1. If you want to transcribe a mono-channel audio file (.wav) containing a single speaker, use the following code:

Click to expand the code

from transformers import WhisperProcessor, WhisperForConditionalGeneration
import torchaudio
import torch

model_name = "TransferRapid/whisper-large-v3-turbo_ro"

# Load processor and model
processor = WhisperProcessor.from_pretrained(model_name)
model = WhisperForConditionalGeneration.from_pretrained(model_name)

# Move model to GPU if available
device = torch.device("cuda" if torch.cuda.is_available() else "cpu")
model.to(device)
model.eval()

def preprocess_audio(audio_path, processor):
    """Preprocess audio: load, resample if needed, and convert to model input format."""
    waveform, sample_rate = torchaudio.load(audio_path)

    # Resample to 16kHz if needed
    if sample_rate != 16000:
        resampler = torchaudio.transforms.Resample(orig_freq=sample_rate, new_freq=16000)
        waveform = resampler(waveform)

    # Process audio into model input format
    inputs = processor(waveform.squeeze().numpy(), sampling_rate=16000, return_tensors="pt")

    # Move inputs to device
    inputs = {key: val.to(device) for key, val in inputs.items()}

    return inputs

def transcribe(audio_path, model, processor, language="romanian", task="transcribe"):
    """Generate transcription for an audio file."""
    inputs = preprocess_audio(audio_path, processor)

    forced_decoder_ids = processor.tokenizer.get_decoder_prompt_ids(language=language, task=task)

    with torch.no_grad():
        generated_ids = model.generate(inputs["input_features"], forced_decoder_ids=forced_decoder_ids)

    transcription = processor.tokenizer.batch_decode(generated_ids, skip_special_tokens=True)
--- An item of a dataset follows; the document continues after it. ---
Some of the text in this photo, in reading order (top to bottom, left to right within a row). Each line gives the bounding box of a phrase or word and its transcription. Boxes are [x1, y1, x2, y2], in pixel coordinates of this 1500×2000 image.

    return transcription[0]

# Define audio path
audio_file = "audio.wav"

# Run transcription
transcription = transcribe(audio_file, model, processor)
print("Transcription:", transcription)

Example of result:

Transcript: Astăzi am avut o zi superbă.

2. If you want to transcribe a stereo audio file (.wav or .mp3) containing a conversation between two speakers, use the following code:

Click to expand the code

import os
import torchaudio
import numpy as np
import librosa
import webrtcvad
import soundfile as sf
from pydub import AudioSegment
from transformers import WhisperProcessor, WhisperForConditionalGeneration
import torch

# Load model from Hugging Face
model_name = "TransferRapid/whisper-large-v3-turbo_ro"
processor = WhisperProcessor.from_pretrained(model_name)
model = WhisperForConditionalGeneration.from_pretrained(model_name)
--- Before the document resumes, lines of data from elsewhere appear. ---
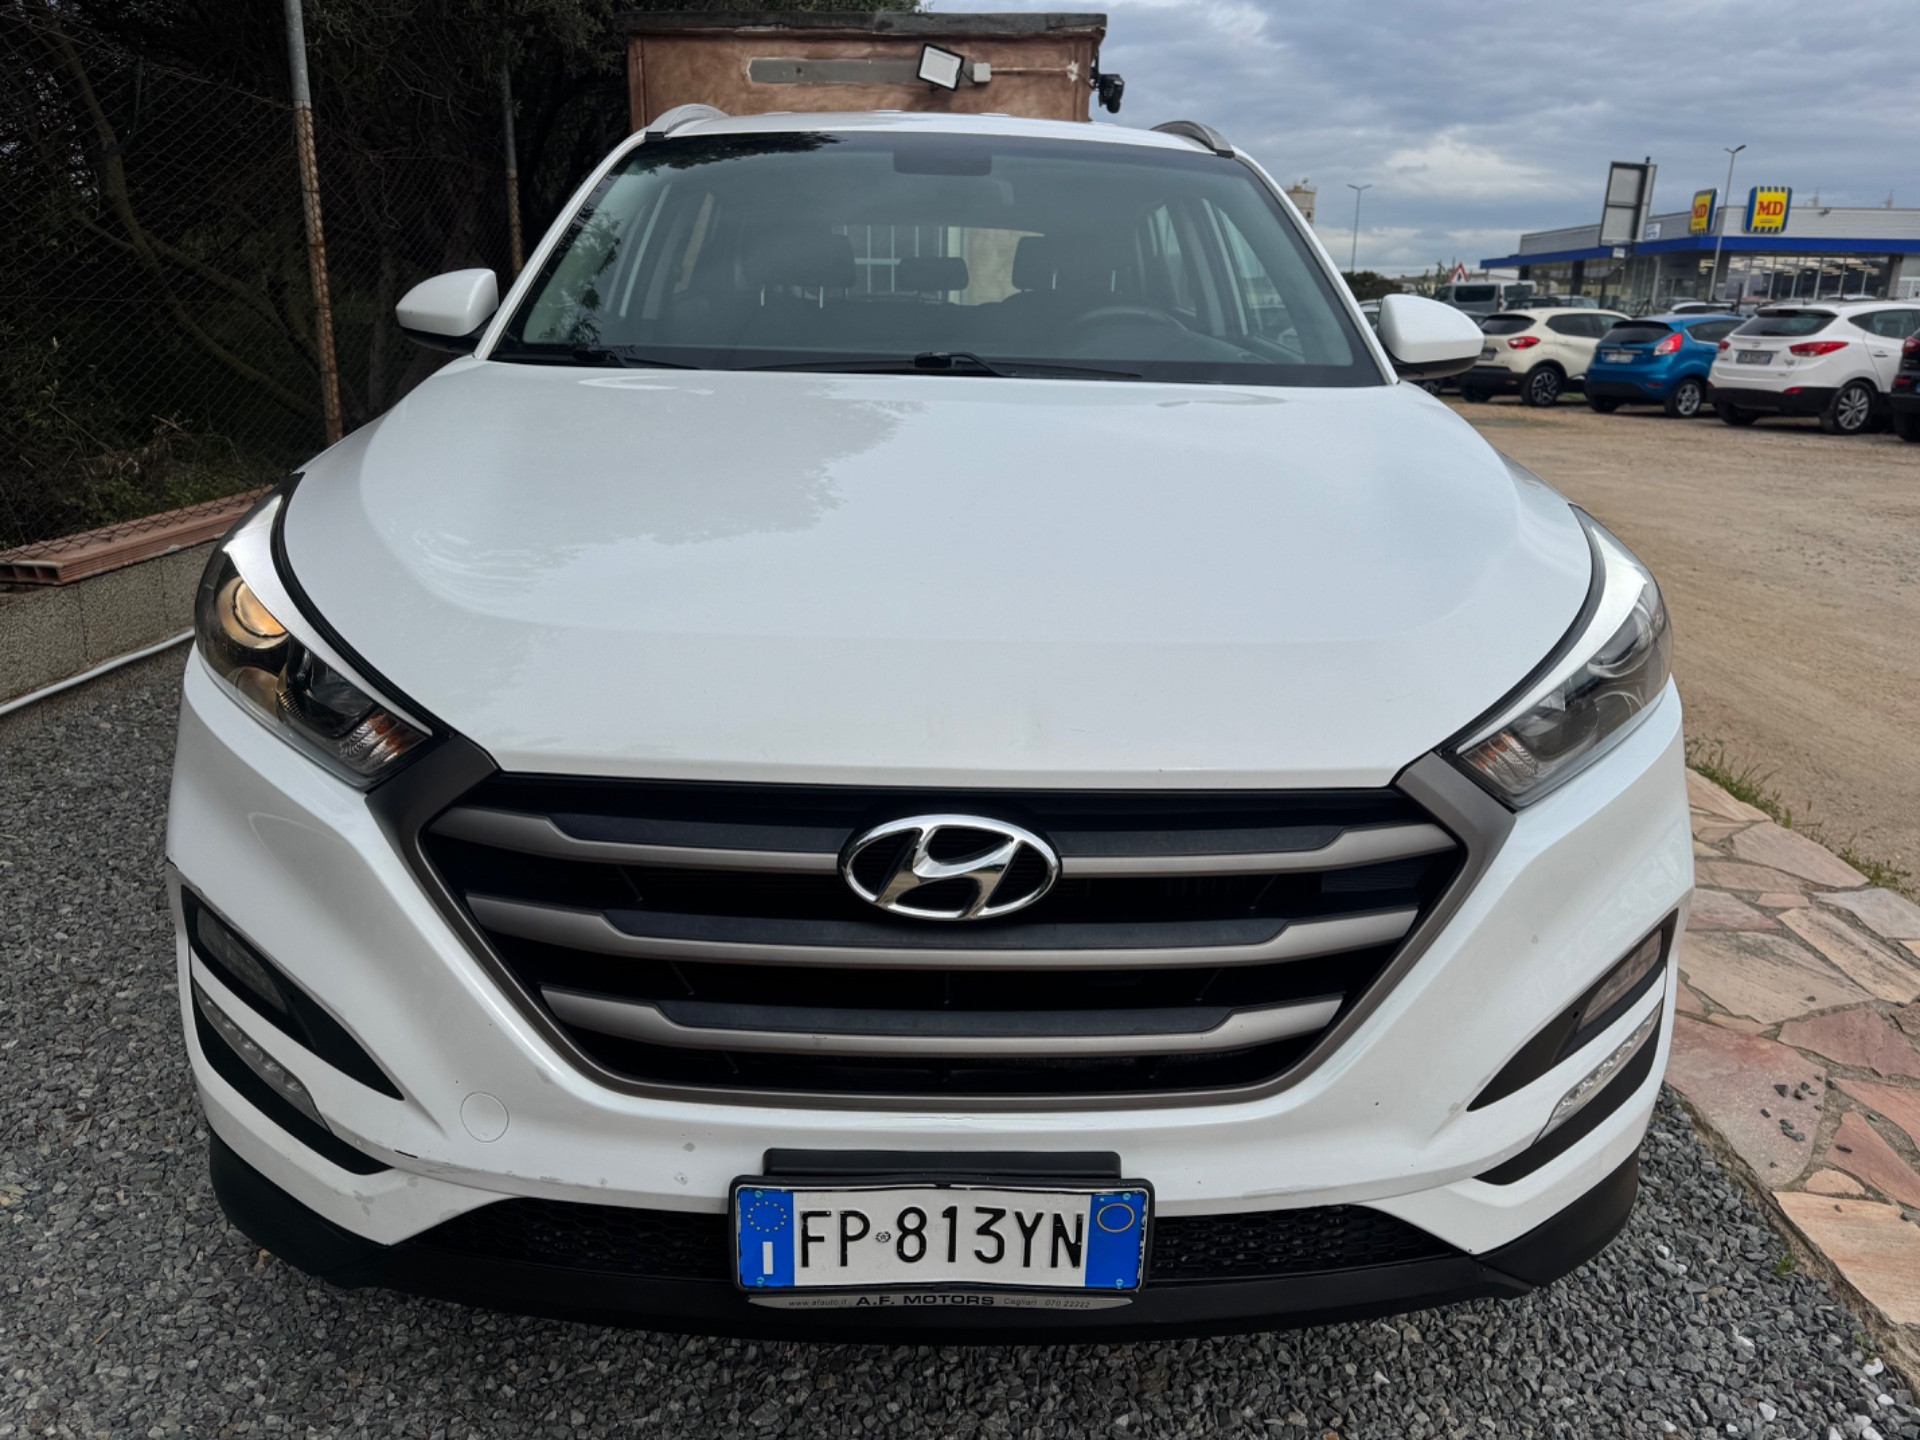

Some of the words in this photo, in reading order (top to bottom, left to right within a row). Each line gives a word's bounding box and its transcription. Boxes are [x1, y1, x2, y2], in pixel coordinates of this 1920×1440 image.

[1757, 200, 1784, 216] MD
[800, 1209, 871, 1268] FP
[896, 1205, 1085, 1269] 813YN
[856, 1296, 895, 1306] A.F.
[903, 1295, 995, 1306] MOTORS
[1003, 1297, 1037, 1307] Cagliari
# Move model to GPU if available
device = torch.device("cuda" if torch.cuda.is_available() else "cpu")
model.to(device)
model.eval()

def convert_mp3_to_wav(mp3_file_path):
    """Convert MP3 to WAV (16kHz)."""
    audio = AudioSegment.from_mp3(mp3_file_path)
    wav_16k_file_path = mp3_file_path.replace(".mp3", "_16k.wav")
    audio.set_frame_rate(16000).export(wav_16k_file_path, format="wav")
    return wav_16k_file_path

def extract_audio_channels(wav_file_path):
    """Extract left and right channels from stereo WAV."""
    y, sr = librosa.load(wav_file_path, sr=None, mono=False)
    
    if len(y.shape) == 1:
        mono_file = wav_file_path.replace(".wav", "_mono.wav")
        sf.write(mono_file, y, sr)
        return y, None, sr, mono_file, None

    left_channel, right_channel = y[0], y[1]
    left_file = wav_file_path.replace(".wav", "_left.wav")
    right_file = wav_file_path.replace(".wav", "_right.wav")

    sf.write(left_file, left_channel, sr)
    sf.write(right_file, right_channel, sr)
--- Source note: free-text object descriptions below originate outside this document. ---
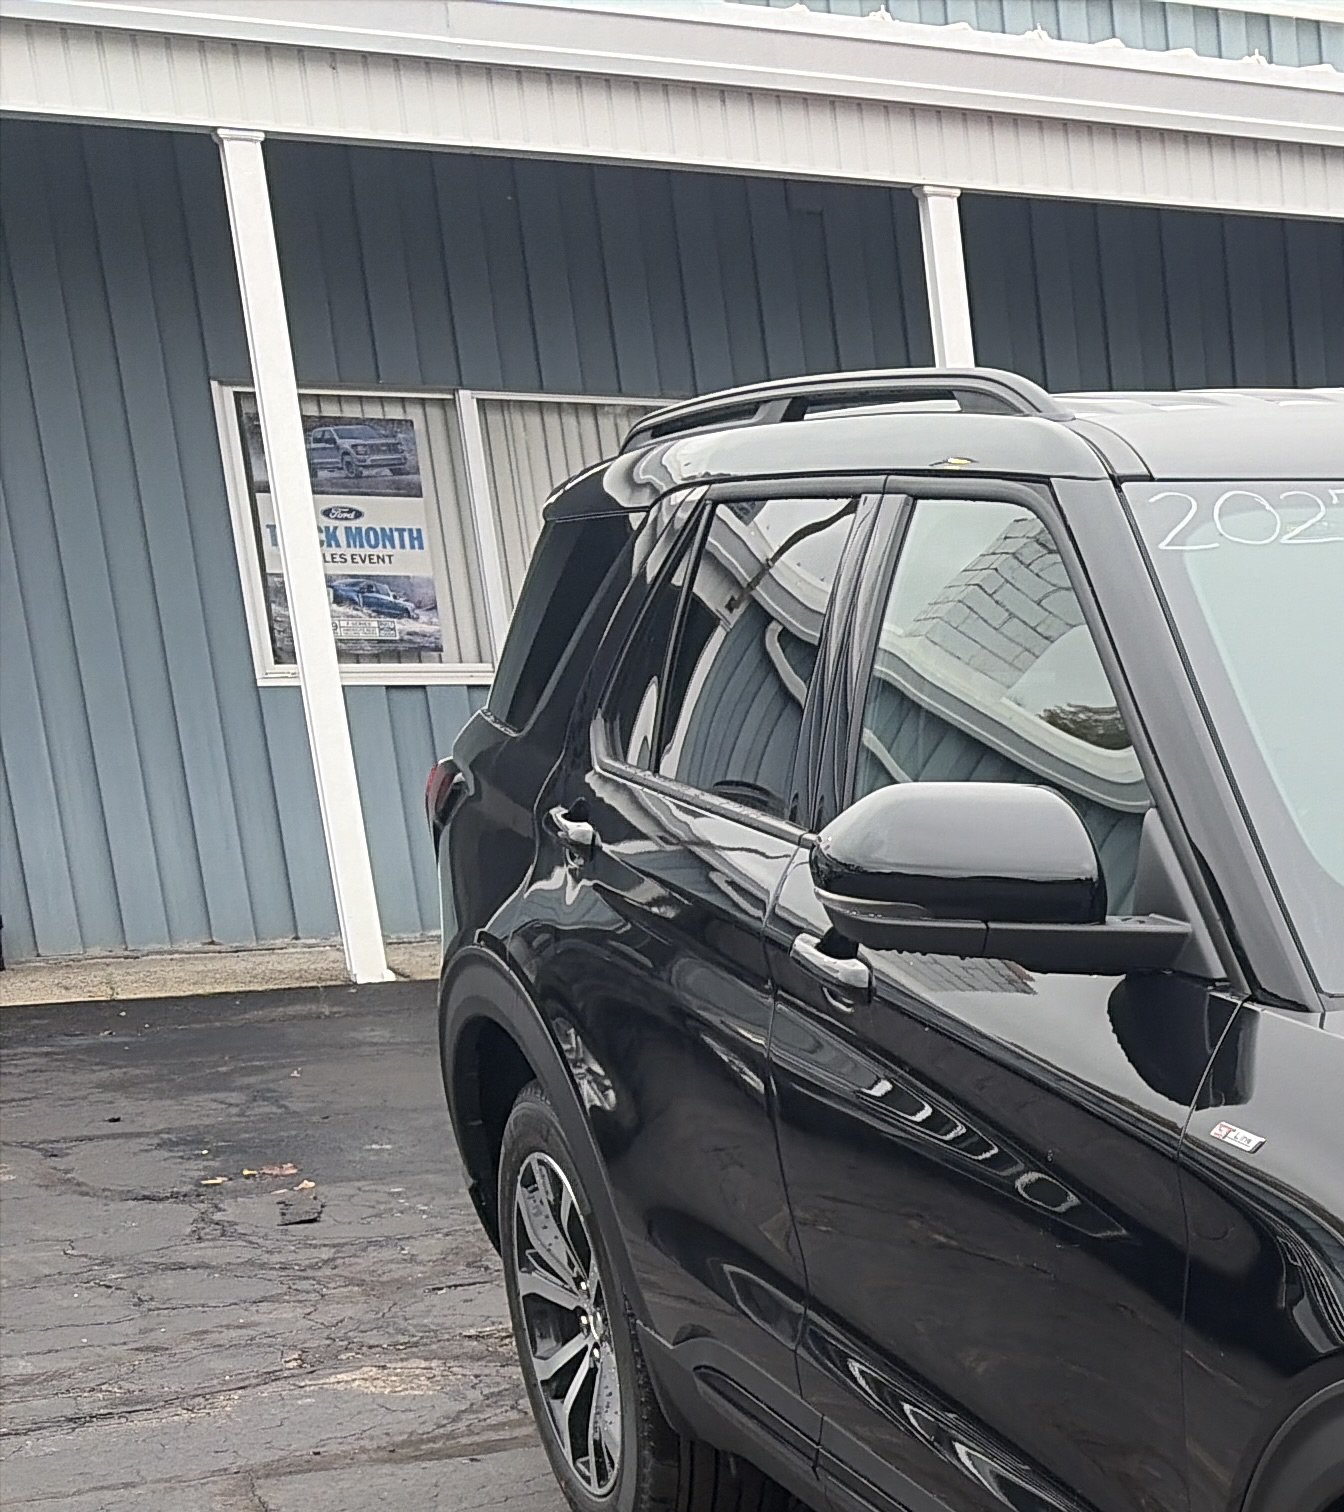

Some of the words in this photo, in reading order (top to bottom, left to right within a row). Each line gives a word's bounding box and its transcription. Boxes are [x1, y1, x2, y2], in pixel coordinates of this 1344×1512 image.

[329, 507, 355, 519] Ford
[345, 526, 424, 550] MONTH
[323, 553, 347, 564] LES
[351, 553, 394, 565] EVENT
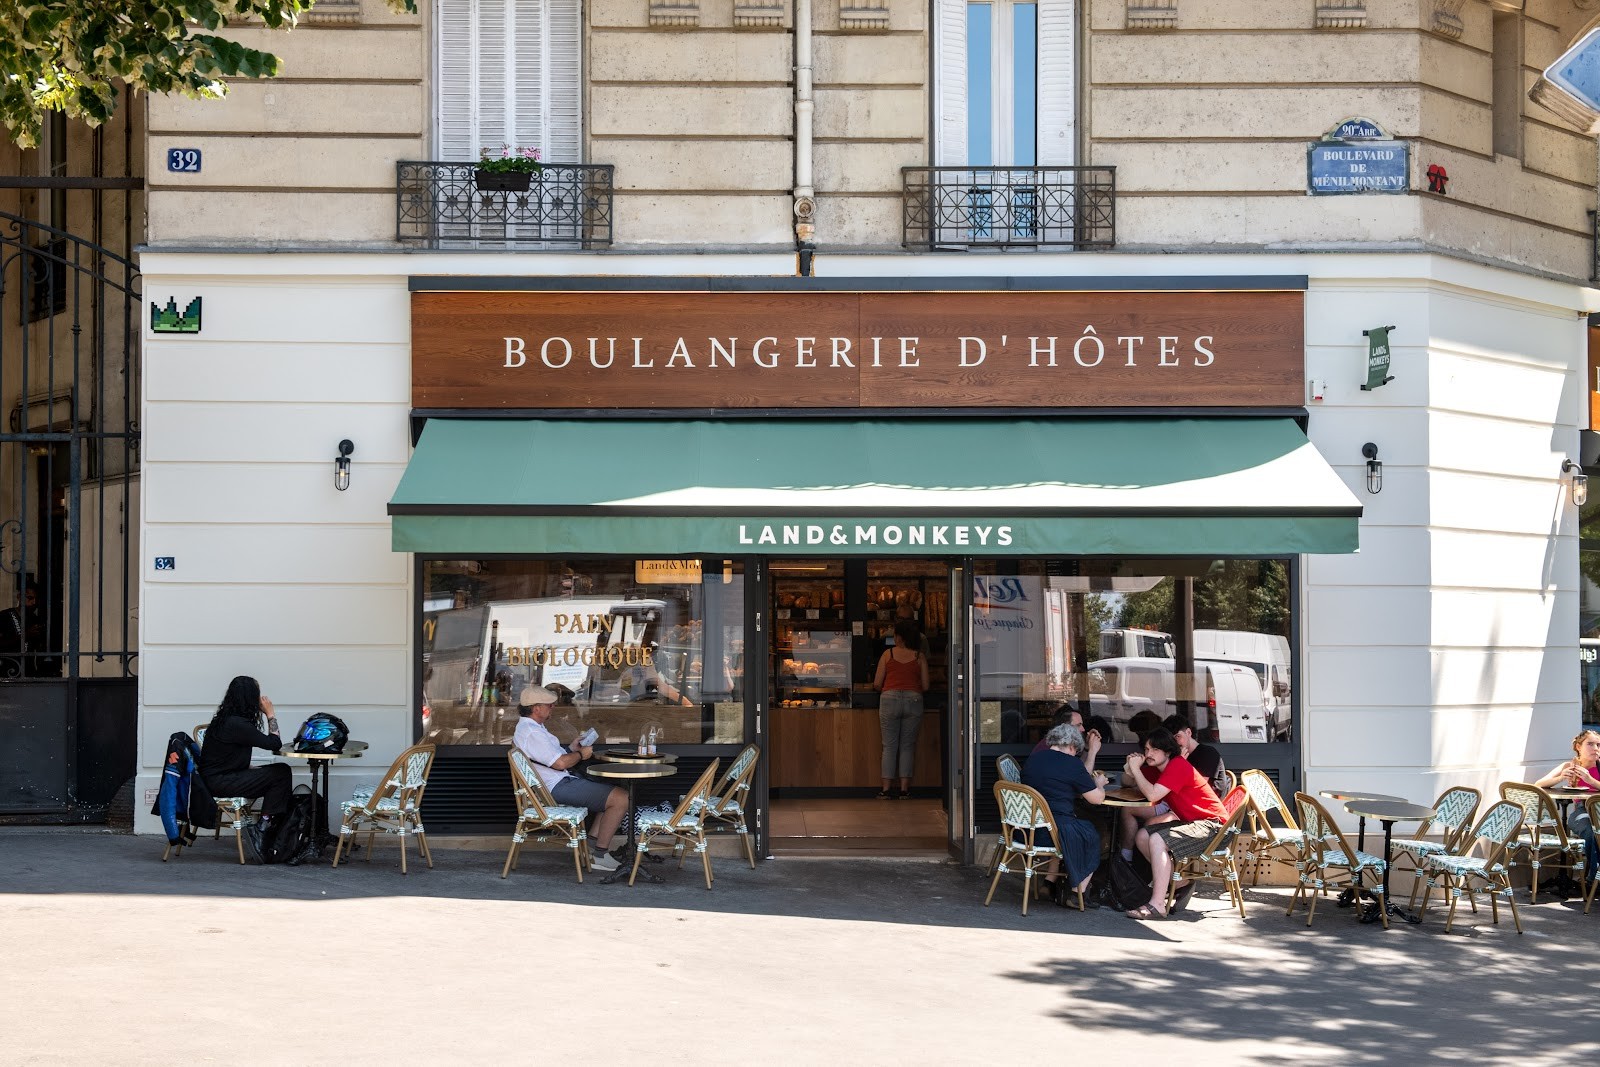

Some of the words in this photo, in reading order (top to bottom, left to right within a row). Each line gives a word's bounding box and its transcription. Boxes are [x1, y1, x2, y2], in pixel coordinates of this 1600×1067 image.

[172, 150, 198, 170] 32
[1323, 150, 1394, 161] BOULEVARD
[1350, 164, 1367, 173] DE
[503, 336, 921, 369] BOULANGERIE
[957, 324, 1215, 367] D'HÔTES
[738, 524, 1013, 546] LAND&MONKEYS
[156, 558, 173, 570] 32
[553, 613, 613, 634] PAIN
[506, 646, 654, 669] BIOLOGIQUE
    return left_channel, right_channel, sr, left_file, right_file

def detect_speech_intervals(channel_data, sr, vad_level=3):
    """Detect speech activity using VAD (30ms frames)."""
    vad = webrtcvad.Vad(vad_level)
    frame_duration = 30
    frame_length = int(sr * frame_duration / 1000)

    frames = librosa.util.frame(channel_data, frame_length=frame_length, hop_length=frame_length)
    speech_intervals = []

    for i, frame in enumerate(frames.T):
        pcm_data = (frame * np.iinfo(np.int16).max).astype(np.int16).tobytes()
        if vad.is_speech(pcm_data, sr):
            start_time, end_time = (i * frame_duration) / 1000, ((i + 1) * frame_duration) / 1000
            speech_intervals.append((start_time, end_time))

    return speech_intervals

def merge_intervals(intervals, merge_threshold=1):
    """Merge speech intervals with a gap smaller than merge_threshold."""
    if not intervals:
        return []

    merged = [list(intervals[0])]
    for start, end in intervals[1:]:
        if (start - merged[-1][1]) <= merge_threshold:
            merged[-1][1] = end
        else:
            merged.append([start, end])

    return merged

def save_segments(channel_data, sr, intervals, output_dir="segments", prefix="segment"):
    """Save detected speech segments."""
    os.makedirs(output_dir, exist_ok=True)
    segment_paths = []

    for idx, (start, end) in enumerate(intervals):
        start_sample = int(start * sr)
        end_sample = int(end * sr)
        segment = channel_data[start_sample:end_sample]
        segment_path = os.path.join(output_dir, f"{prefix}_{idx+1}.wav")
        sf.write(segment_path, segment, sr)
        segment_paths.append((start, end, segment_path, prefix))

    return segment_paths

def preprocess_audio(audio_path, processor, device):
    """Preprocess audio: load, resample if needed, and convert to model input format."""
    waveform, sample_rate = torchaudio.load(audio_path)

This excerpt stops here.